(Task description)
Nothing but the pictures gets dropped; retype every entry exactly.

(Beginning of Excerpted data)

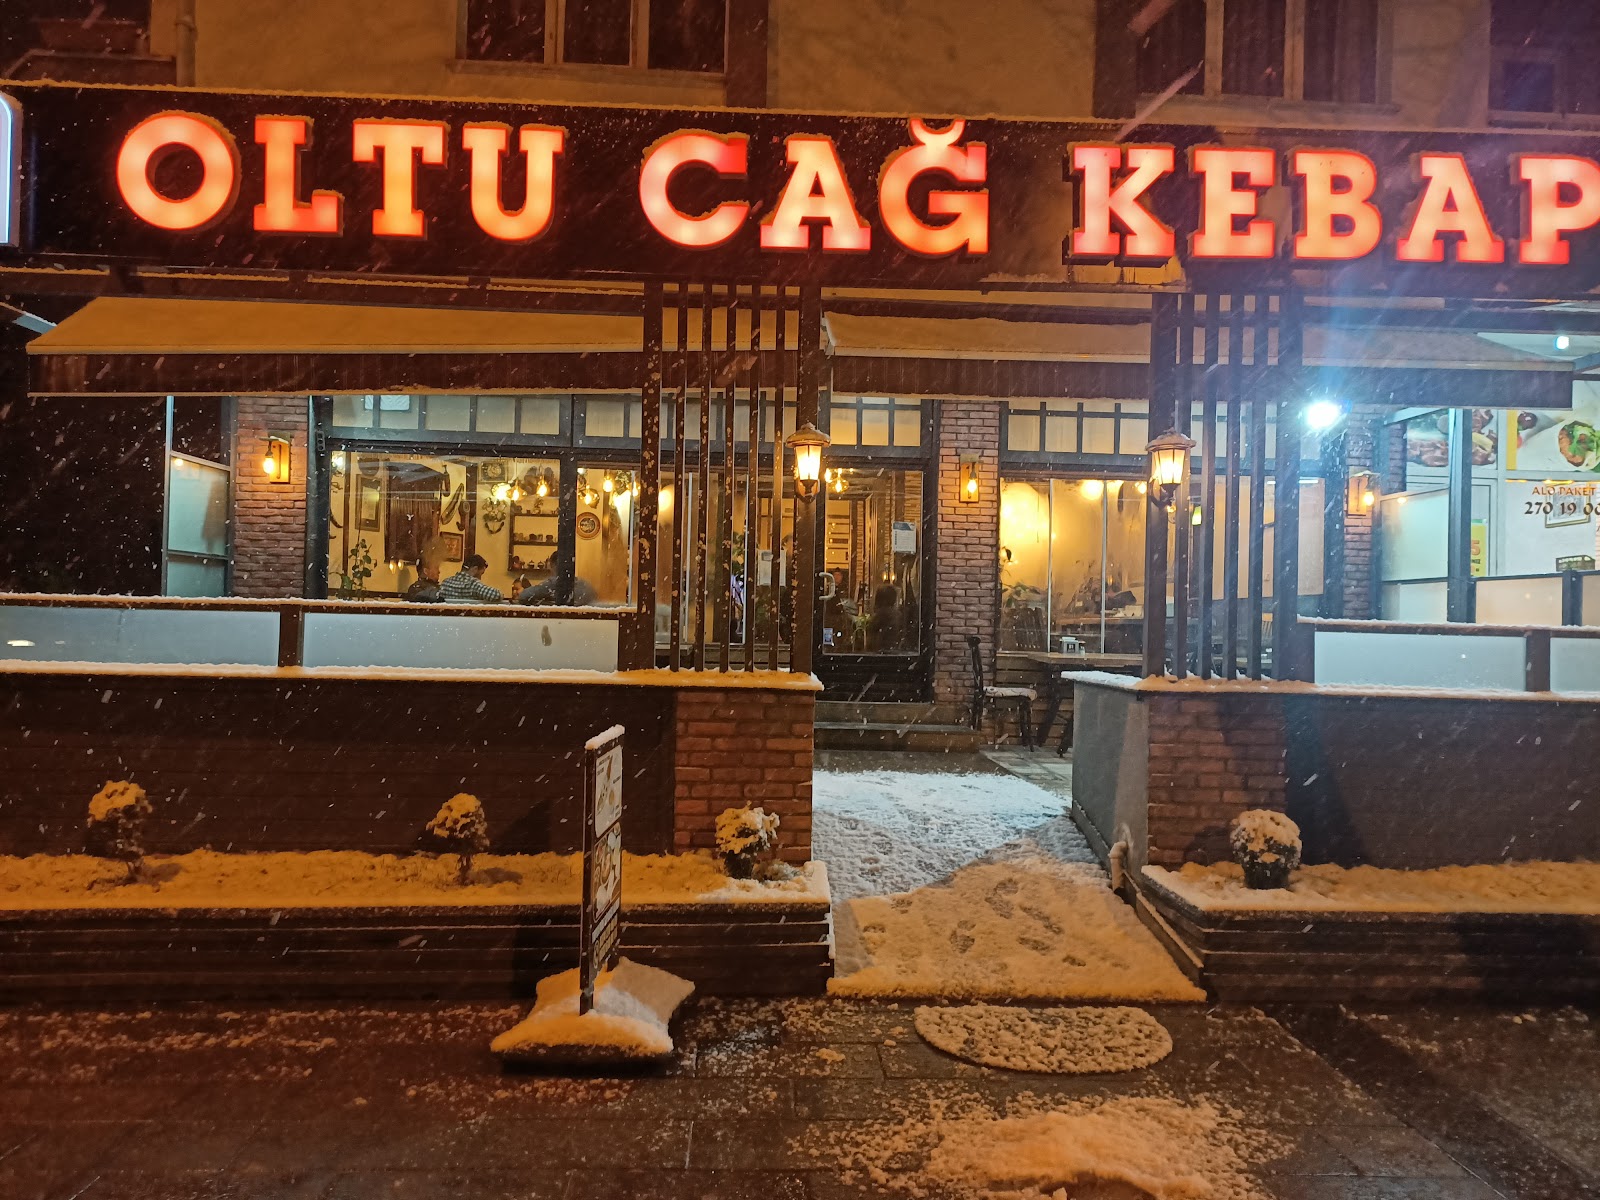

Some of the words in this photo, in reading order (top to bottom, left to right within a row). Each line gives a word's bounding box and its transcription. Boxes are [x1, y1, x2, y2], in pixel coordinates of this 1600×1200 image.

[116, 111, 565, 241] OLTU
[639, 117, 990, 255] CAĞ
[1072, 143, 1600, 265] KEBAP
[1532, 486, 1555, 495] ALO
[1559, 487, 1596, 495] PAKET
[1524, 501, 1553, 514] 270
[1560, 502, 1576, 516] 19

(End of Excerpted data)

(Your solution)
Some of the words in this photo, in reading order (top to bottom, left to right within a row). Each line gives a word's bounding box and its transcription. Boxes are [x1, y1, x2, y2], in pixel coordinates of this 1600×1200 image.

[116, 111, 565, 241] OLTU
[639, 117, 990, 255] CAĞ
[1072, 143, 1600, 265] KEBAP
[1532, 486, 1555, 495] ALO
[1559, 487, 1596, 495] PAKET
[1524, 501, 1553, 514] 270
[1560, 502, 1576, 516] 19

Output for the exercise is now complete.